Started by January 04, 2002 03:24 PM
2 comments, last by Linenoise 23 years, 1 month ago
Hey guys.. I''ve been spending the past couple of days playing around with writing a 3d engine, and I''m getting a handle on it except for one thing - how exactly do you do rotation of an object? I don''t mean the matrices involved, but rather, how do you represent the rotational forces acting on an object? I''ve dug all over and can''t really find a clear answer to the problem, although I think I''m close to understanding it. I understand the linear version of it. An object has a Velocity vector and a Force vector that is the sum of all the forces acting on it. Do Velocity += (Force / Mass * Time), and you''ve got an updated velocity vector. But, how do you handle rotation? I''ve seen plenty of examples where you store yaw, pitch, and roll as seperate values, and calculate the matrix from there. But how do you handle things like friction? In the linear case, you can slow an object down by applying a force in the opposite direction of velocity. I''m guessing that it''s possible to represent rotational forces as a vector too, but there''s where I''m blocked.. I can''t quite see how to break the vector down into the actual rotation angles needed. Any help is greatly appreciated!

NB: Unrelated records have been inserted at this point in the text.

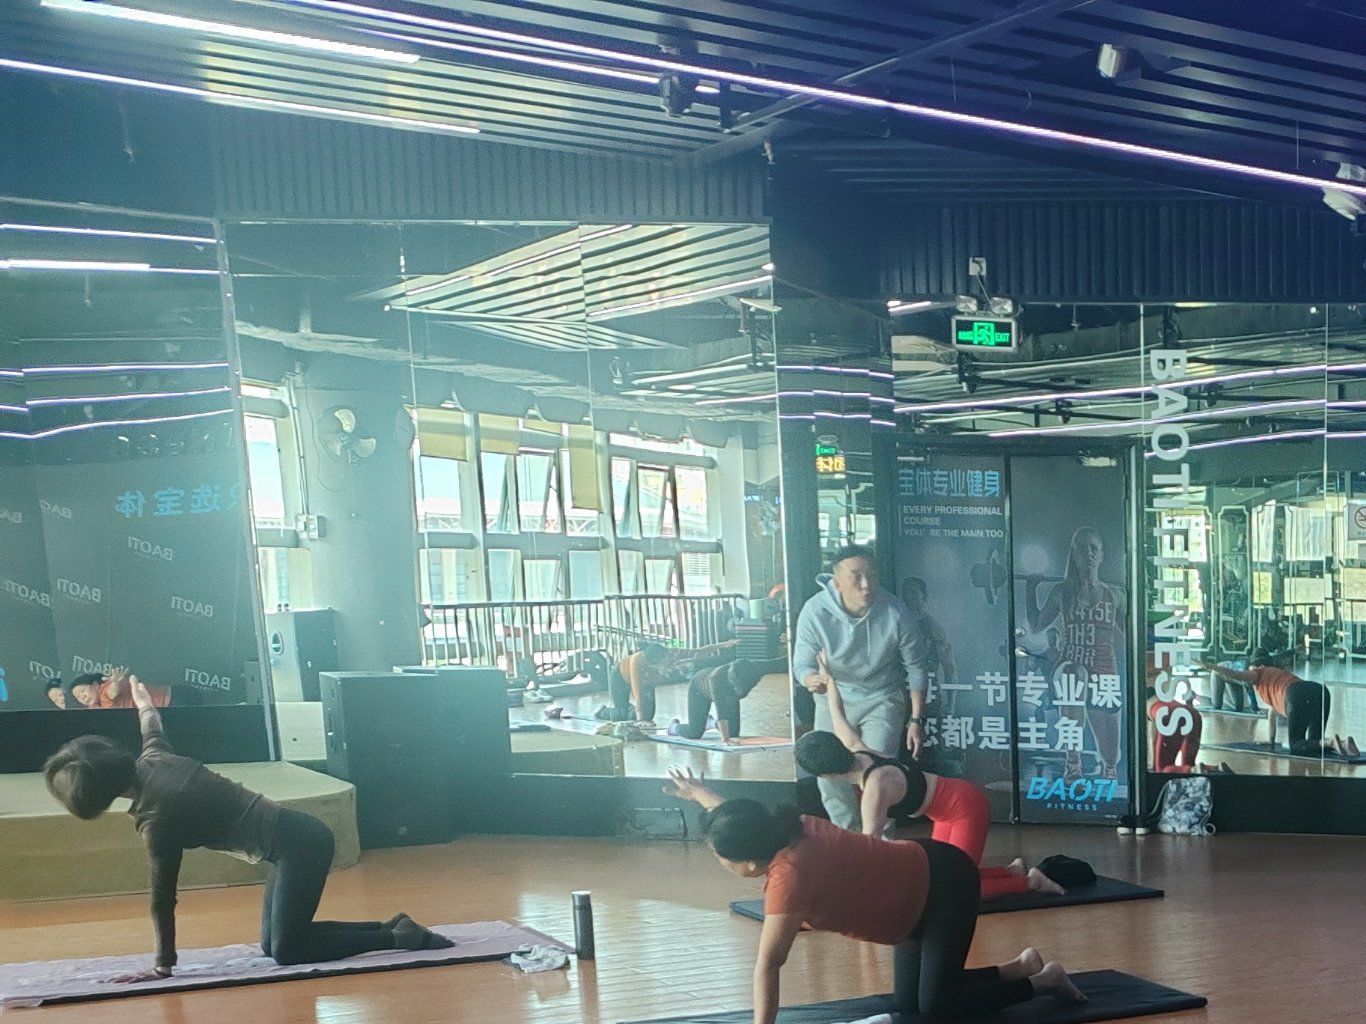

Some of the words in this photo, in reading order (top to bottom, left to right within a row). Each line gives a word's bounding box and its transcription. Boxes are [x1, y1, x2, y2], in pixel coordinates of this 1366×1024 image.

[898, 468, 1000, 497] 宝体专业健身
[903, 505, 932, 514] EVERY
[934, 506, 1002, 516] PROFESSIONAL
[903, 517, 940, 526] COURSE
[943, 529, 959, 537] THE
[961, 529, 983, 537] MAIN
[1026, 777, 1118, 801] BAOTI
[1046, 803, 1097, 811] FITNESS
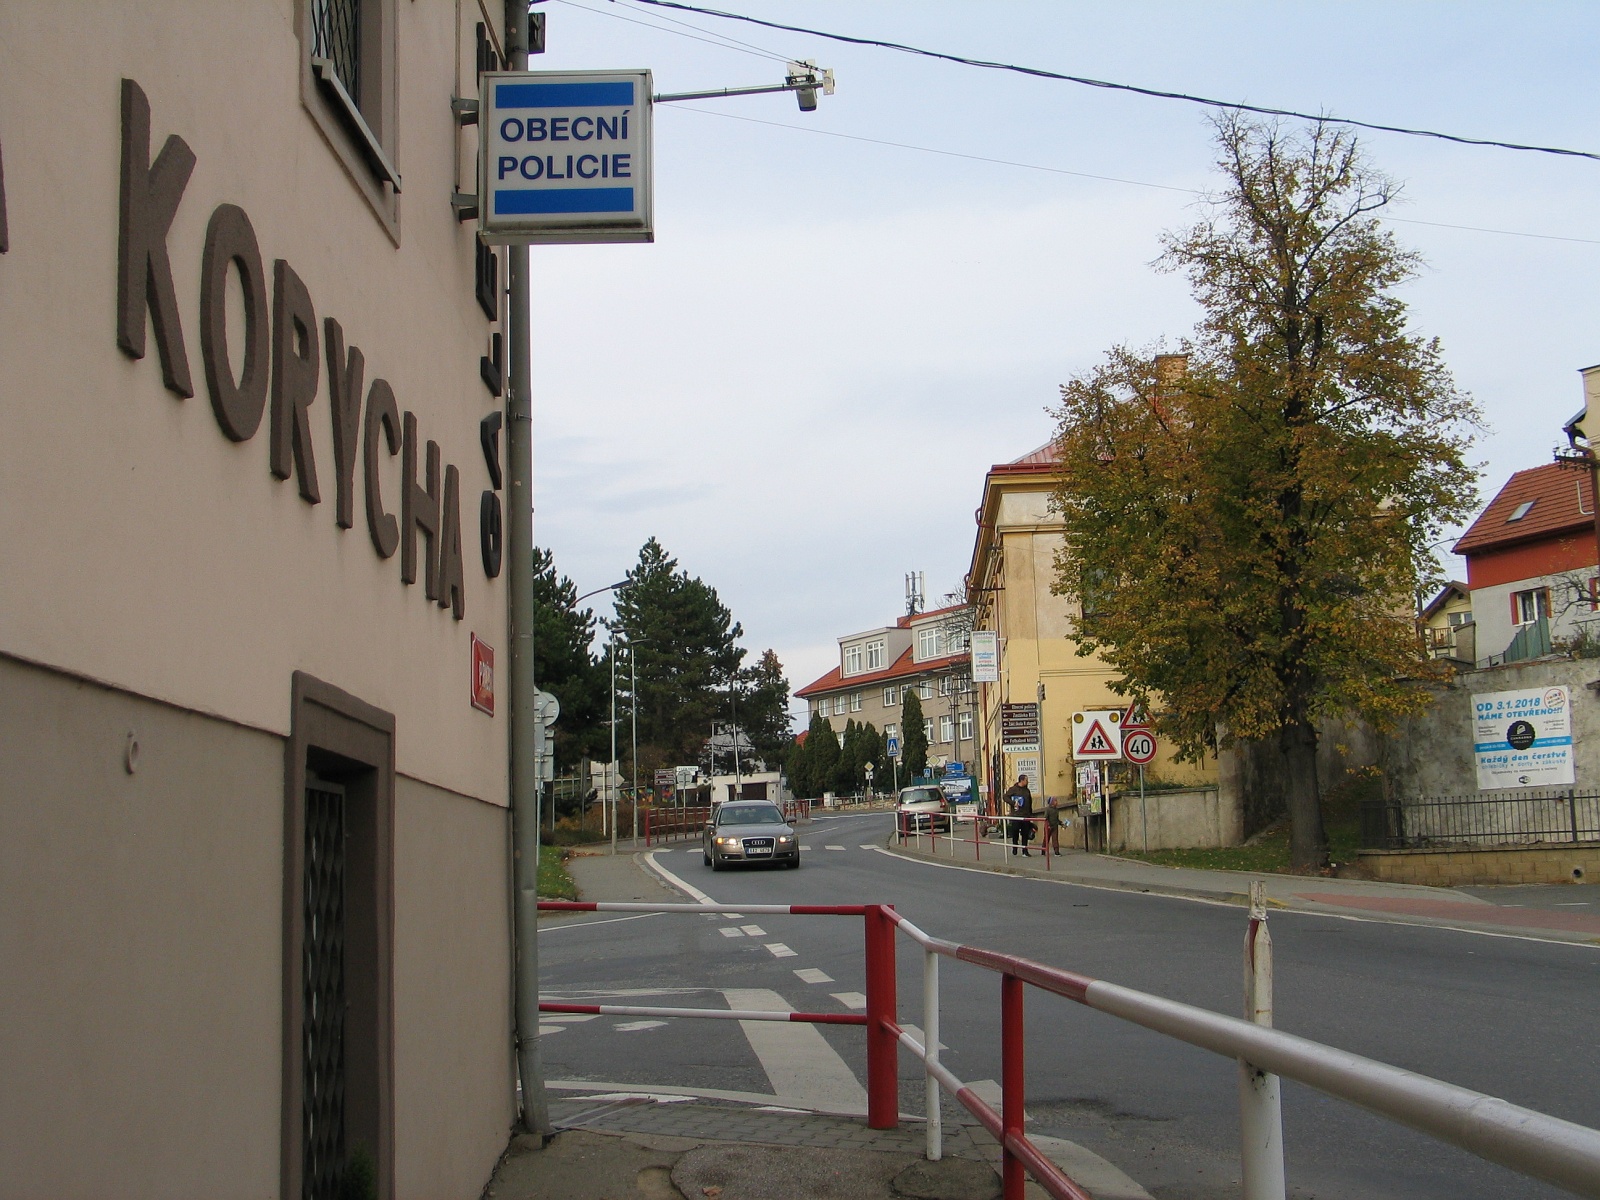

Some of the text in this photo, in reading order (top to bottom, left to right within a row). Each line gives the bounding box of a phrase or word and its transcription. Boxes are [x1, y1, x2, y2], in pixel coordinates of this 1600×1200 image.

[500, 110, 630, 142] OBECNÍ
[498, 154, 631, 180] POLICIE
[117, 77, 465, 620] KORYCHA
[1476, 702, 1493, 712] OD
[1478, 711, 1503, 721] MÁME
[1130, 739, 1150, 755] 40
[1480, 754, 1508, 764] Každý
[1532, 750, 1567, 760] čerstvé

Rotation is force applied on a point of an object, that is "fixed" at another point

You can see the rotational force as going "up", and the friction pulling "down", the resulting force is the one that you actually use to calculate the momentum, and then you factor in time and jmp to your next frame... Err... At least thats how I learned it

-Maarten Leeuwrik
"Some people when faced with the end of a journey simply decide to begin anew I guess."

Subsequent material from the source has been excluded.